═════ Supplied records

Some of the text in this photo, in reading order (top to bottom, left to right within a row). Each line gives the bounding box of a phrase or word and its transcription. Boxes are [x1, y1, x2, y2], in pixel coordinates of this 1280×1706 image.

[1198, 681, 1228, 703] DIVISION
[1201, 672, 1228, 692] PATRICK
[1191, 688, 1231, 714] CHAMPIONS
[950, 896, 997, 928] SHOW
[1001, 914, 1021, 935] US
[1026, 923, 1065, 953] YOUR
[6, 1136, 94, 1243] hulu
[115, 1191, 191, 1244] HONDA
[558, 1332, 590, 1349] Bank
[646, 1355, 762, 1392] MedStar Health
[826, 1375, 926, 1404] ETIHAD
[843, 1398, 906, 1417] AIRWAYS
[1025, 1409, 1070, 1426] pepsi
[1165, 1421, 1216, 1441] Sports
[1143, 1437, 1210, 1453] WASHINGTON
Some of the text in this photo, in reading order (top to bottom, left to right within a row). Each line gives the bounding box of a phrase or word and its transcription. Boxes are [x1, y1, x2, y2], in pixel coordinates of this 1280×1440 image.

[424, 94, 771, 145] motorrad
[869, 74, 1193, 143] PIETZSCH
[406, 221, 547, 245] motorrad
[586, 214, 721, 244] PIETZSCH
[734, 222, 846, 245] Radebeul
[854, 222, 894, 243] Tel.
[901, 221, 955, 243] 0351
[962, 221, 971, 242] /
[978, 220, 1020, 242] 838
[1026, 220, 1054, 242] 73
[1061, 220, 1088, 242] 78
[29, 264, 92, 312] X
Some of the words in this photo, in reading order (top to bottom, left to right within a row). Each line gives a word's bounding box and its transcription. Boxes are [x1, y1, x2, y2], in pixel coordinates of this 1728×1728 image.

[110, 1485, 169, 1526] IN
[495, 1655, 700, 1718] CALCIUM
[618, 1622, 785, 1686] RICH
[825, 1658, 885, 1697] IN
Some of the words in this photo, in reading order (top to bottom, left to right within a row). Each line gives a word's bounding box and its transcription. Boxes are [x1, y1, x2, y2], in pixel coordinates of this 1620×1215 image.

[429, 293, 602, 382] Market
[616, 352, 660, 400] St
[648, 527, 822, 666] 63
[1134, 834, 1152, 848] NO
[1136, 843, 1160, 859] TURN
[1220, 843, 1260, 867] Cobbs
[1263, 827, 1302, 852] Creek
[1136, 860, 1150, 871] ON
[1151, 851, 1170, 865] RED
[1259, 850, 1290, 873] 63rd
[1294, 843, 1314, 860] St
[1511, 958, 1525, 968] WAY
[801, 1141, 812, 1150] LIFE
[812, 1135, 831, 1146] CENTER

══════════

_Instructions for the task:_ Reply by returning the full set of records above exactly.

_Exercise response:_
Some of the text in this photo, in reading order (top to bottom, left to right within a row). Each line gives the bounding box of a phrase or word and its transcription. Boxes are [x1, y1, x2, y2], in pixel coordinates of this 1280×1706 image.

[1198, 681, 1228, 703] DIVISION
[1201, 672, 1228, 692] PATRICK
[1191, 688, 1231, 714] CHAMPIONS
[950, 896, 997, 928] SHOW
[1001, 914, 1021, 935] US
[1026, 923, 1065, 953] YOUR
[6, 1136, 94, 1243] hulu
[115, 1191, 191, 1244] HONDA
[558, 1332, 590, 1349] Bank
[646, 1355, 762, 1392] MedStar Health
[826, 1375, 926, 1404] ETIHAD
[843, 1398, 906, 1417] AIRWAYS
[1025, 1409, 1070, 1426] pepsi
[1165, 1421, 1216, 1441] Sports
[1143, 1437, 1210, 1453] WASHINGTON
Some of the text in this photo, in reading order (top to bottom, left to right within a row). Each line gives the bounding box of a phrase or word and its transcription. Boxes are [x1, y1, x2, y2], in pixel coordinates of this 1280×1440 image.

[424, 94, 771, 145] motorrad
[869, 74, 1193, 143] PIETZSCH
[406, 221, 547, 245] motorrad
[586, 214, 721, 244] PIETZSCH
[734, 222, 846, 245] Radebeul
[854, 222, 894, 243] Tel.
[901, 221, 955, 243] 0351
[962, 221, 971, 242] /
[978, 220, 1020, 242] 838
[1026, 220, 1054, 242] 73
[1061, 220, 1088, 242] 78
[29, 264, 92, 312] X
Some of the words in this photo, in reading order (top to bottom, left to right within a row). Each line gives a word's bounding box and its transcription. Boxes are [x1, y1, x2, y2], in pixel coordinates of this 1728×1728 image.

[110, 1485, 169, 1526] IN
[495, 1655, 700, 1718] CALCIUM
[618, 1622, 785, 1686] RICH
[825, 1658, 885, 1697] IN
Some of the words in this photo, in reading order (top to bottom, left to right within a row). Each line gives a word's bounding box and its transcription. Boxes are [x1, y1, x2, y2], in pixel coordinates of this 1620×1215 image.

[429, 293, 602, 382] Market
[616, 352, 660, 400] St
[648, 527, 822, 666] 63
[1134, 834, 1152, 848] NO
[1136, 843, 1160, 859] TURN
[1220, 843, 1260, 867] Cobbs
[1263, 827, 1302, 852] Creek
[1136, 860, 1150, 871] ON
[1151, 851, 1170, 865] RED
[1259, 850, 1290, 873] 63rd
[1294, 843, 1314, 860] St
[1511, 958, 1525, 968] WAY
[801, 1141, 812, 1150] LIFE
[812, 1135, 831, 1146] CENTER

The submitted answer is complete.